2023年10月に始まったパレスチナ自治区ガザでの戦闘終結に向けて、大きな前進がありました。アメリカのトランプ大統領は日本時間9日朝、自身のSNS「トゥルース・ソーシャル」への投稿で、イスラエルとガザ地区実効支配勢力ハマスの双方が和平案の第1段階で合意したと発表。合意を受けてすべての人質が解放されるとともに、イスラエルの部隊がガザの一部区域から撤退し、ガザへの支援が再開するとしています。
この合意が、激しい攻撃と飢饉にさらされてきたガザ地区の人びとに平穏をもたらす端緒となるのか――。これまでの経緯を踏まえて、今後の見通しを探ってみます。
ガザでの多大な犠牲と、今回の合意の意味
ガザ地区では、2007年から長期にわたる封鎖が続き、2023年10月7日にはガザを実効支配するハマスとイスラエル軍の大規模な衝突をきっかけに戦闘が激化。完全封鎖されたガザに住む人びとは深刻な人道危機にさらされ、この2年間で少なくとも6万7,000人以上が死亡しました。

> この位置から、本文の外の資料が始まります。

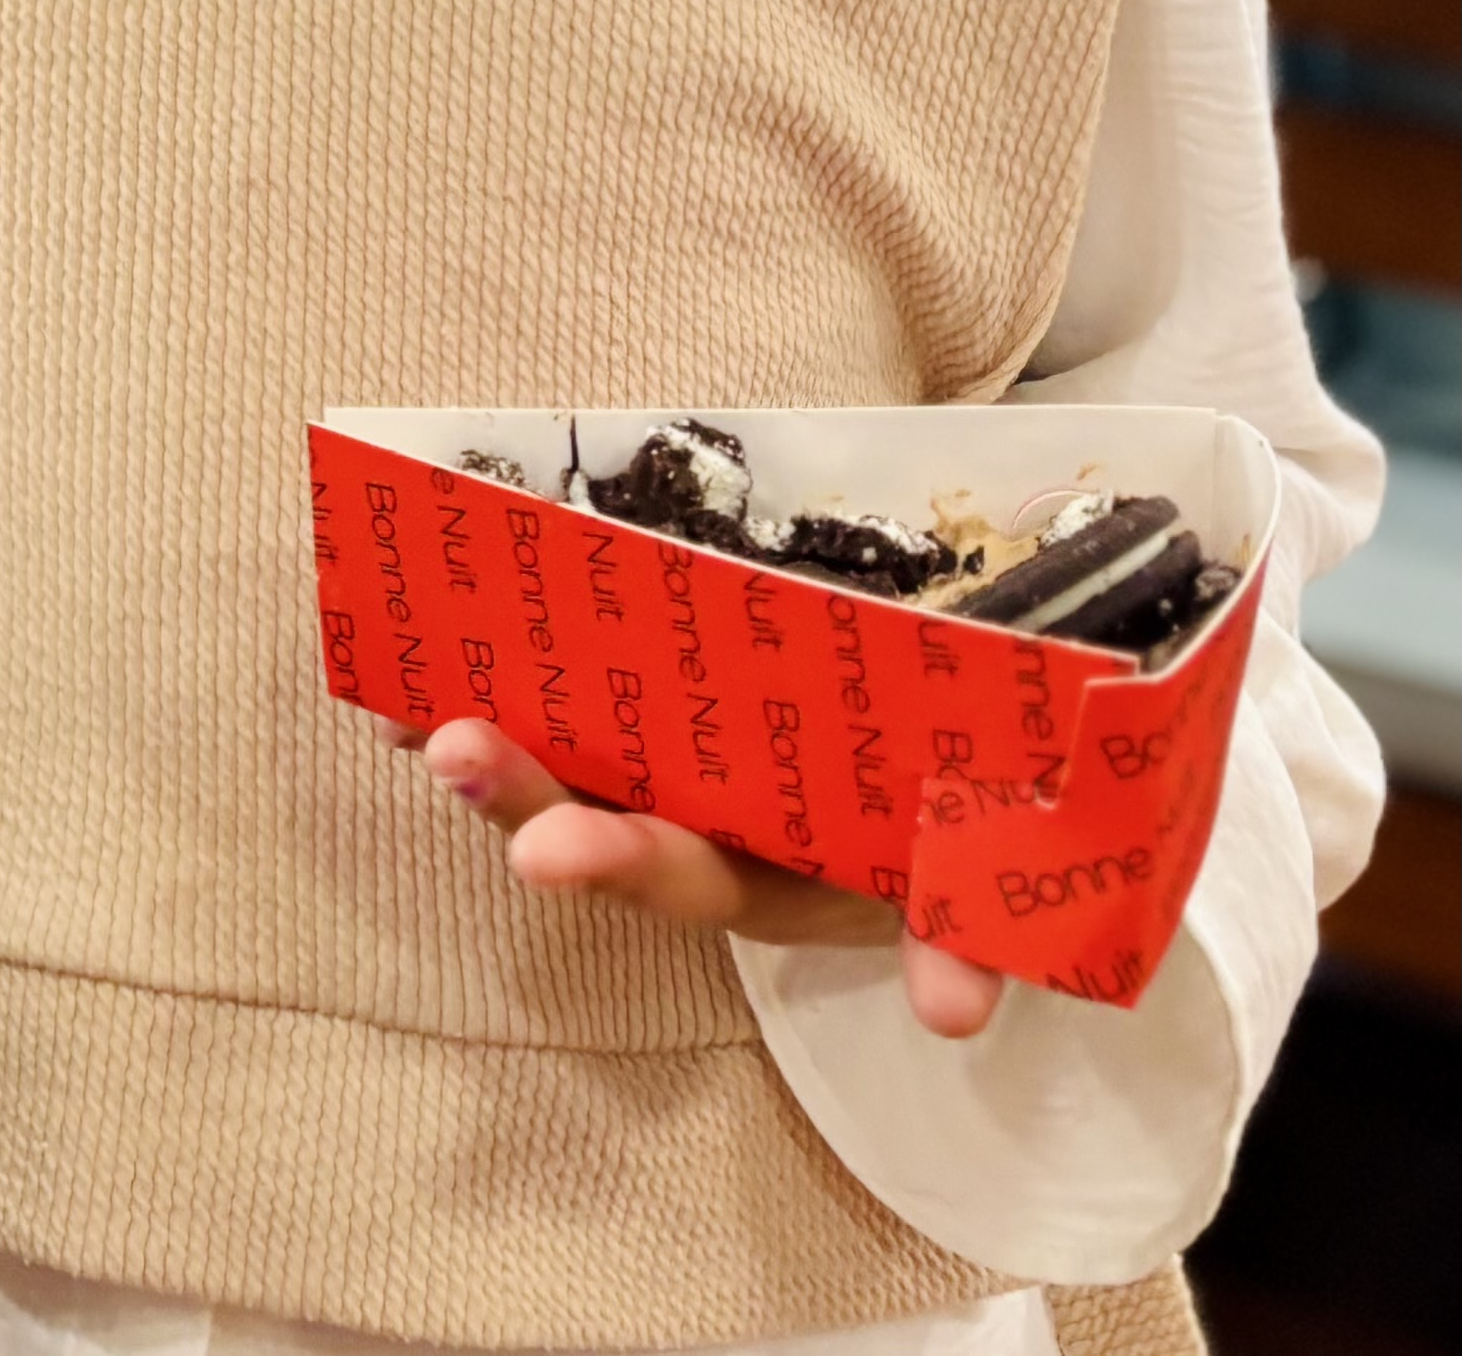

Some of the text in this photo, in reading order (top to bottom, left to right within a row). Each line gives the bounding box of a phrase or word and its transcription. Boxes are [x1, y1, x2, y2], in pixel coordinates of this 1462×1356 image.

[437, 504, 476, 593] Nuit
[583, 530, 624, 622] Nuit
[365, 481, 435, 719] Bonne Nuit
[506, 506, 577, 753] Bonne Nuit
[917, 619, 960, 680] uit
[461, 637, 499, 724] Bon
[658, 541, 707, 684] Bonne
[686, 693, 730, 786] Nuit
[826, 593, 871, 716] onne
[1013, 640, 1055, 741] nne
[607, 666, 656, 813] Bonne
[762, 697, 814, 848] Bonne
[847, 723, 895, 820] Nuit
[996, 846, 1154, 917] Bonne

国連の調査によると、人口の90%にあたる約178万人が人道的危機と言われるレベル(IPCフェーズ4)以上の栄養失調に苦しみ、そのうち64万人が壊滅的飢饉(IPCフェーズ5、最高レベル)の飢えに苦しんでいます。また、イスラエル側にもこれまで2,000人近くの犠牲者が出ていると報じられています。
これまでも、一時休戦や停戦に向けた交渉は断続的に行われており、2023年11月と2024年1-3月には一時休戦が実現しました。いずれもガザ地区内のイスラエル人人質とイスラエルに拘束されているパレスチナ人囚人を釈放し、その間は双方による攻撃を一時停止するという内容で、その期間内に、2023年11月の休戦中にはさらなる延長が、2024年1-3月の休戦中には恒久的な停戦の実現に向けた交渉が行われてきました。しかしいずれも途中で破棄され、大規模な攻撃が再開されてきました。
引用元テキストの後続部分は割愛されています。